L’étude ne permet pas non plus de distinguer les morsures liées à un défaut d’éducation de celles provoquées par la douleur, la peur ou un trouble médical. Un chien qui mord après un changement brutal de comportement peut souffrir d’une pathologie sous-jacente, ce que plusieurs vétérinaires comportementalistes soulignent régulièrement.
Éducation et socialisation du chien : le facteur que la loi ne catégorise pas
La puissance physique d’un Rottweiler ou d’un Tosa rend les conséquences d’une morsure plus graves. C’est un fait biomécanique. En revanche, la probabilité qu’un chien morde dépend d’un ensemble de facteurs où la race n’intervient que partiellement.
La socialisation précoce, entre trois et douze semaines de vie, conditionne la tolérance du chien envers les humains, les autres animaux et les stimuli de son environnement. Un chien de n’importe quelle race privé de contacts variés durant cette période critique développe plus facilement des réactions de peur ou d’agressivité défensive.
L’éducation au quotidien joue un rôle comparable. Un propriétaire qui renforce involontairement les comportements de garde, qui isole son chien ou qui utilise des méthodes coercitives augmente le risque d’incident. La race du chien amplifie ou atténue les conséquences, mais le déclencheur reste presque toujours lié à l’environnement humain.

Ce qui se passe après une morsure
En cas de morsure, le maire peut ordonner une évaluation comportementale du chien dans un délai réglementaire. Selon les résultats, l’animal peut être placé sous surveillance vétérinaire, confié à un refuge ou, dans les situations extrêmes, euthanasié. Le propriétaire s’expose à des sanctions pénales si les obligations de déclaration ou de détention n’ont pas été respectées.
Ce volet « après incident » reste peu documenté dans les contenus grand public. La procédure implique pourtant le maire, un vétérinaire évaluateur et parfois le procureur de la République, avec des délais et des critères précis.

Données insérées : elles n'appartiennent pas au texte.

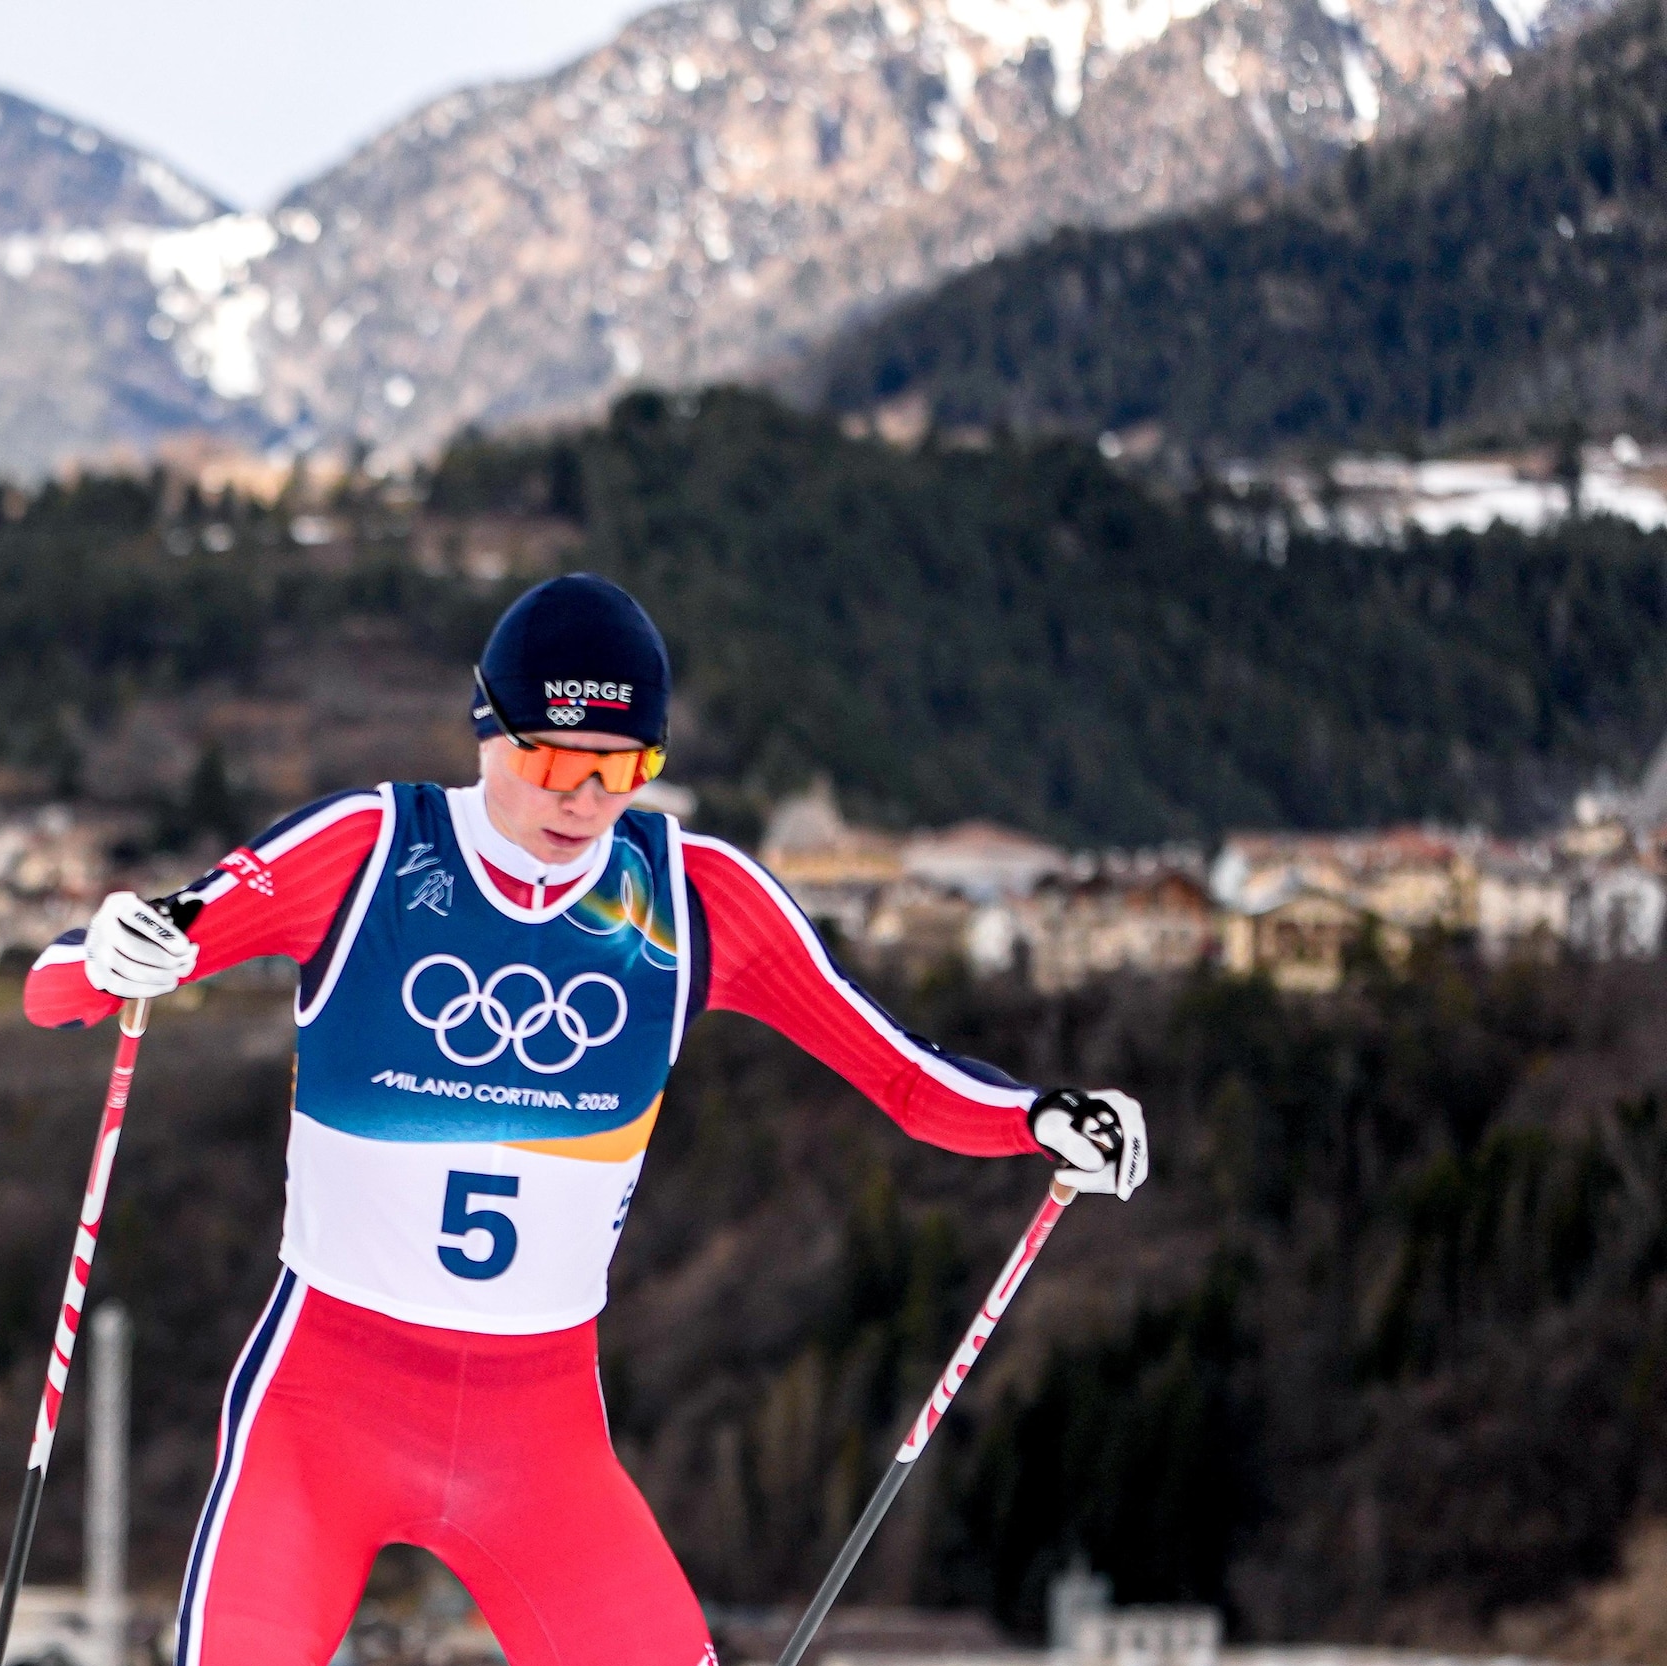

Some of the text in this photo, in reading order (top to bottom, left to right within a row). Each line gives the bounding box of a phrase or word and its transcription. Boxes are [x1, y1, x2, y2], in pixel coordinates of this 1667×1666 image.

Responsabilité du propriétaire face aux chiens les plus dangereux
Les données disponibles convergent vers un constat : la dangerosité d’un chien est un produit de son environnement bien plus que de sa génétique. La loi française, en imposant des obligations spécifiques aux détenteurs de chiens catégorisés, reconnaît d’ailleurs ce principe. L’attestation d’aptitude, l’évaluation comportementale, l’assurance responsabilité civile : chaque dispositif vise le propriétaire autant que l’animal.
Classer quatre races comme dangereuses simplifie la gestion administrative du risque. Cela ne résout pas le problème des chiens non catégorisés, pourtant majoritaires dans les statistiques de morsures. La race fournit une grille de lecture commode, mais l’éducation, la socialisation et la responsabilité du détenteur restent les seuls leviers réellement efficaces.